● Work to be completed
The copy you give must match the records exactly, except that it holds no images.

● Data provided
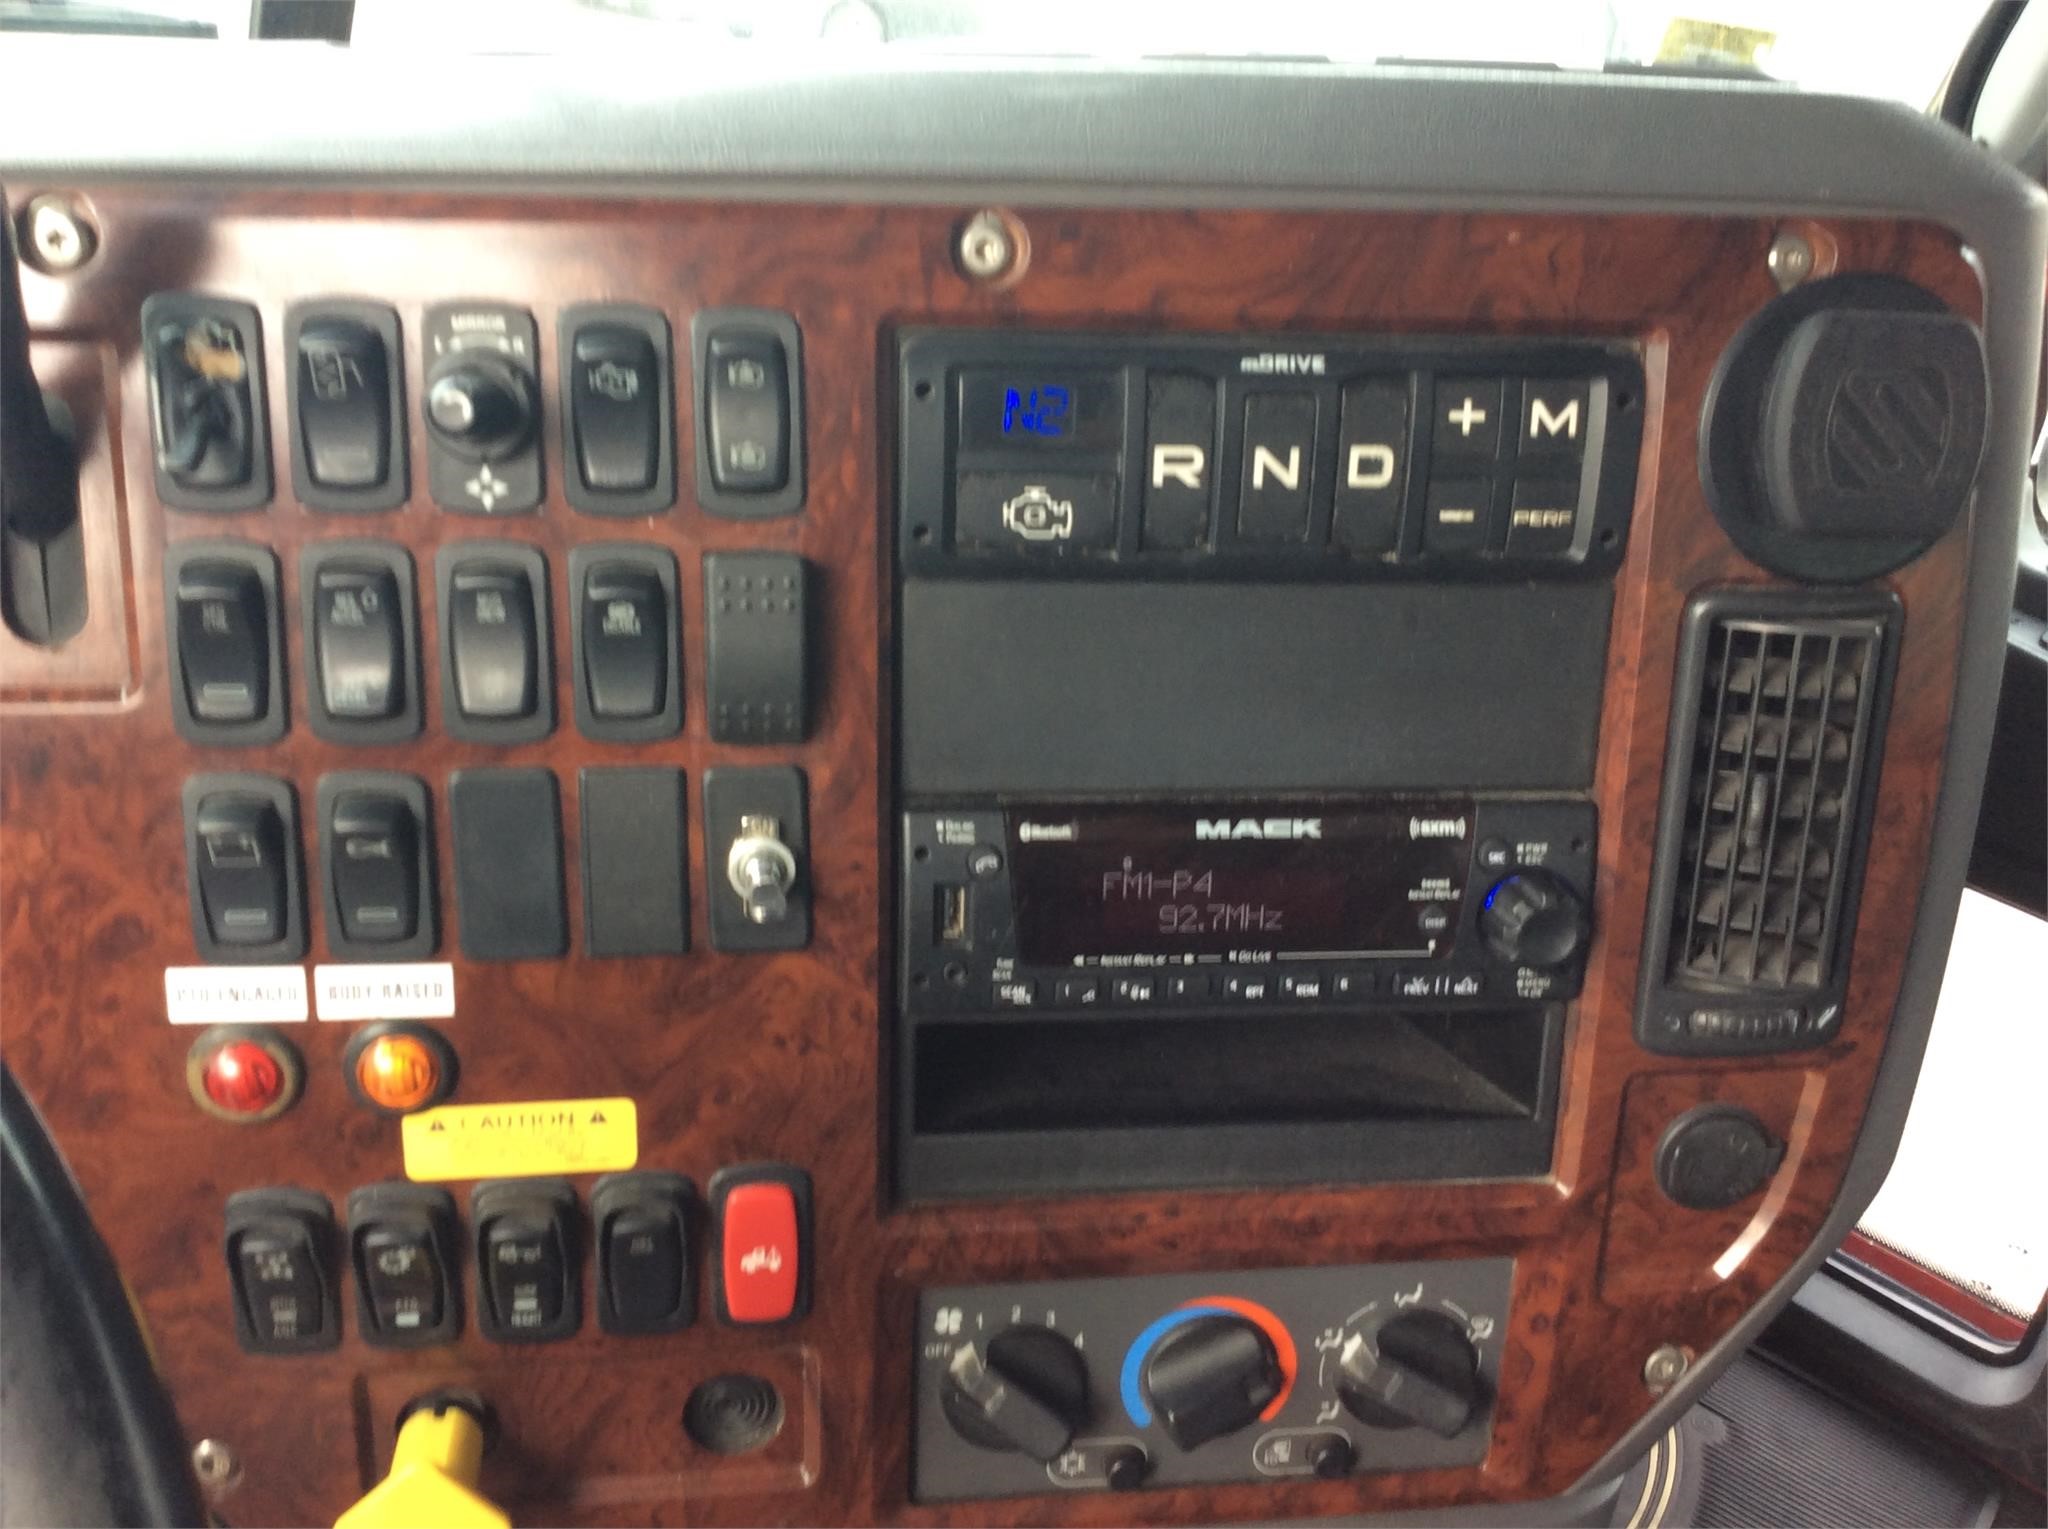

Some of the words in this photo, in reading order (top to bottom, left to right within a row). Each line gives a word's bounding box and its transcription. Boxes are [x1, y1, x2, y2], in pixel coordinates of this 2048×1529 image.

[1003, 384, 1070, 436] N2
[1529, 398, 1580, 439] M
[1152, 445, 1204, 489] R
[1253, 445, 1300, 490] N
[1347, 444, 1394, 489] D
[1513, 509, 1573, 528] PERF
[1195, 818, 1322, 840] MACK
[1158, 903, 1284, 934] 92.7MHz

● Exercise output
Some of the words in this photo, in reading order (top to bottom, left to right within a row). Each line gives a word's bounding box and its transcription. Boxes are [x1, y1, x2, y2], in pixel coordinates of this 2048×1529 image.

[1003, 384, 1070, 436] N2
[1529, 398, 1580, 439] M
[1152, 445, 1204, 489] R
[1253, 445, 1300, 490] N
[1347, 444, 1394, 489] D
[1513, 509, 1573, 528] PERF
[1195, 818, 1322, 840] MACK
[1158, 903, 1284, 934] 92.7MHz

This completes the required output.